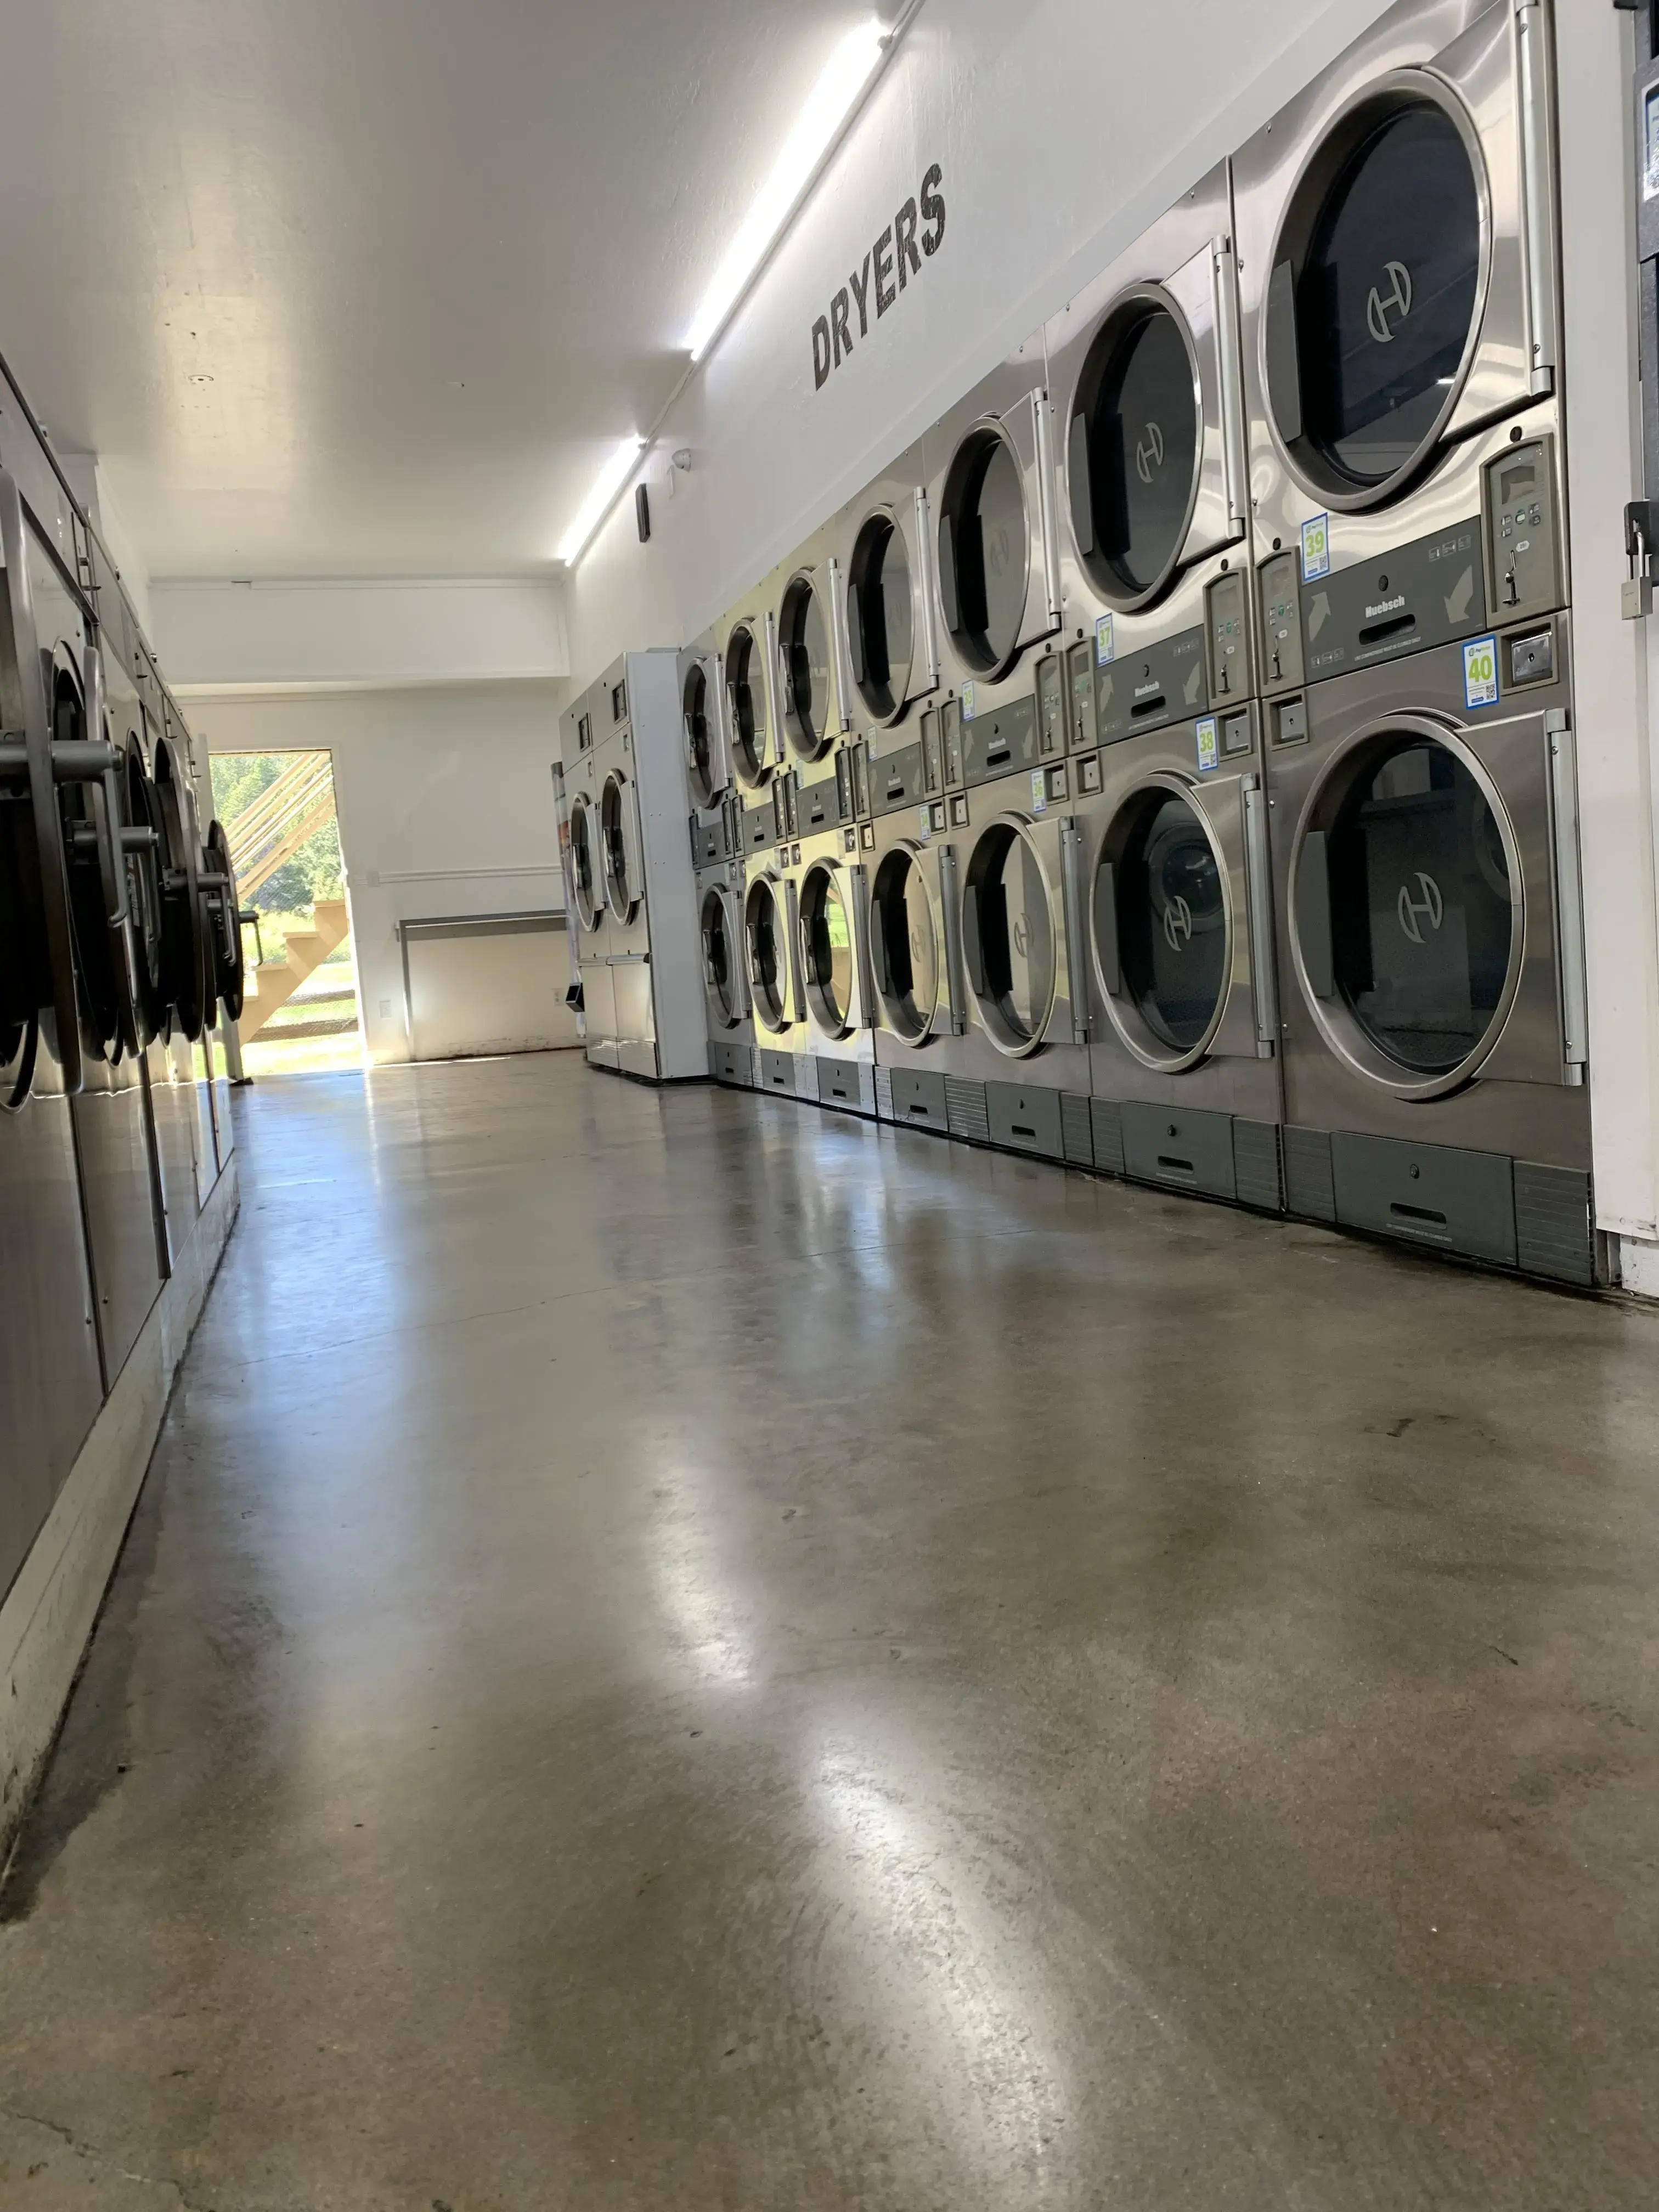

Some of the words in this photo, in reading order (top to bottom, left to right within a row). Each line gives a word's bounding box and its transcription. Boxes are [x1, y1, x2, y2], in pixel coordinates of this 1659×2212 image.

[811, 162, 946, 391] DRYERS
[1306, 531, 1324, 557] 39
[1365, 595, 1405, 618] Huebsch
[1099, 626, 1110, 647] 37
[1469, 655, 1492, 682] 40
[1200, 731, 1214, 752] 38
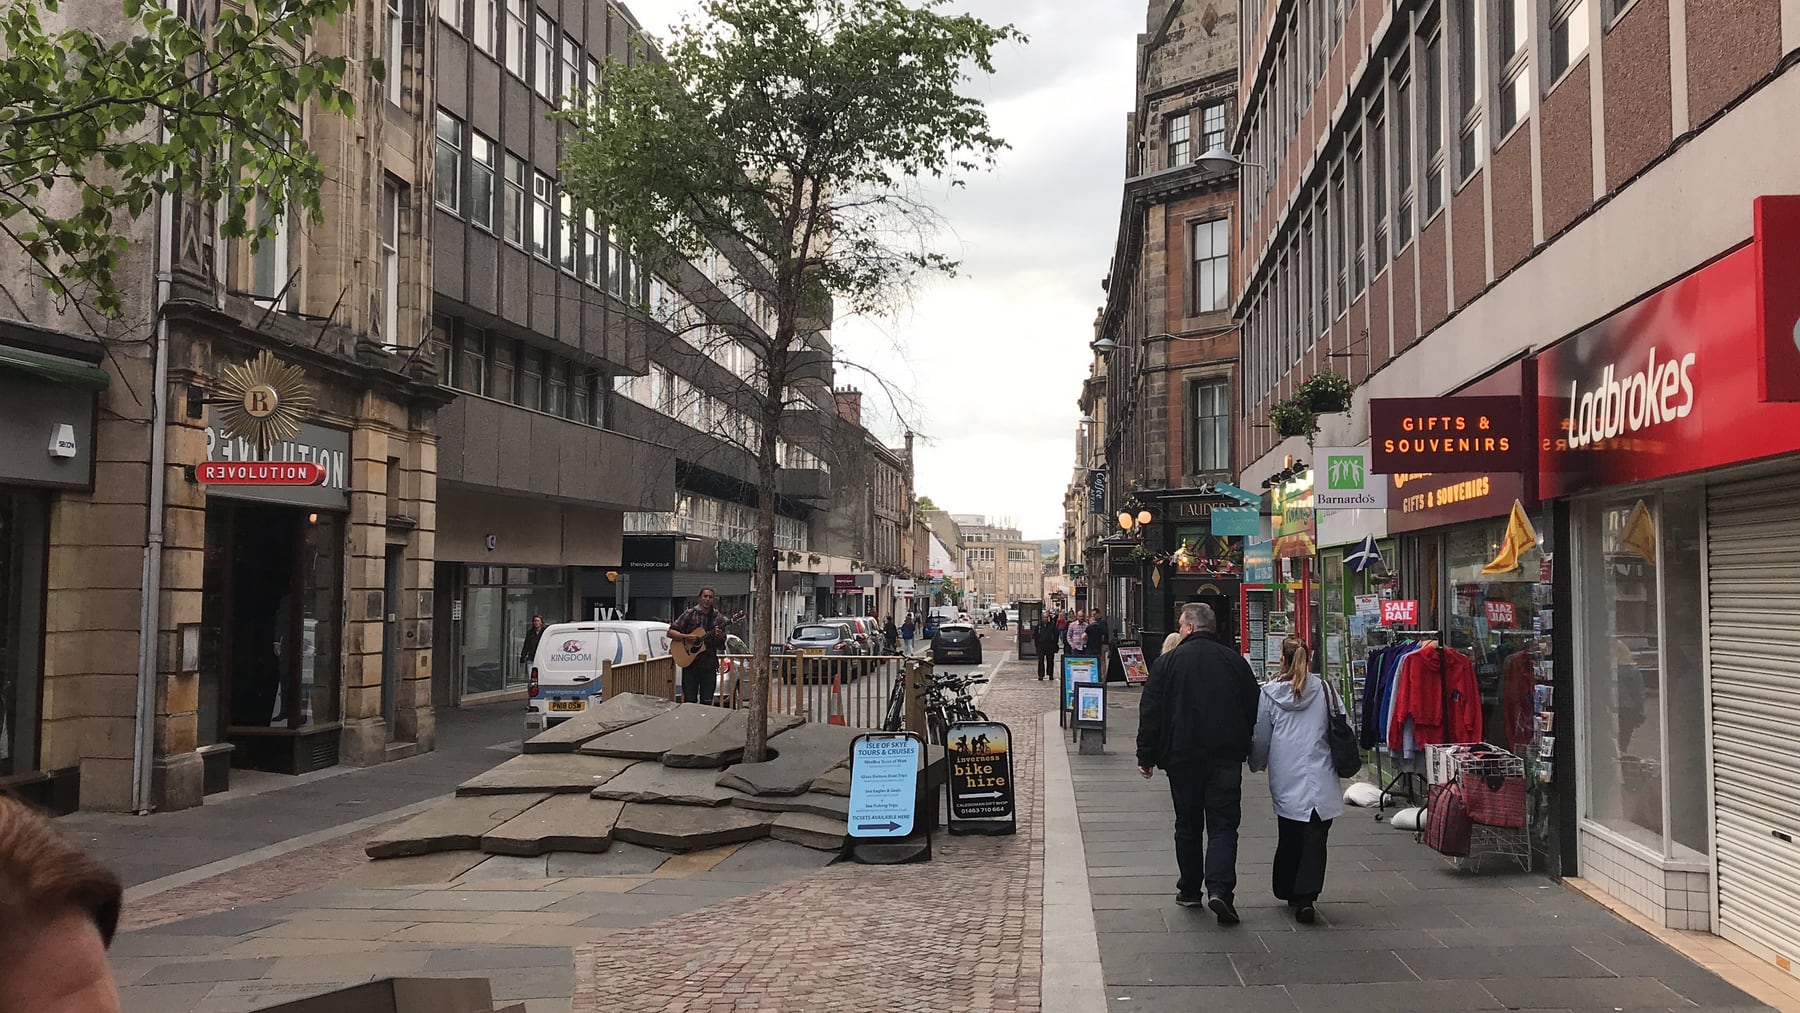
• • • • •
**Goal of the exercise:** Word for word, give the data above again, without any images.

**Result for this task:**
Some of the words in this photo, in reading order (top to bottom, left to right within a row). Each line gives a word's bounding box and its transcription. Boxes are [x1, y1, x2, y2], in pixel coordinates of this 1659×2212 image.

[811, 162, 946, 391] DRYERS
[1306, 531, 1324, 557] 39
[1365, 595, 1405, 618] Huebsch
[1099, 626, 1110, 647] 37
[1469, 655, 1492, 682] 40
[1200, 731, 1214, 752] 38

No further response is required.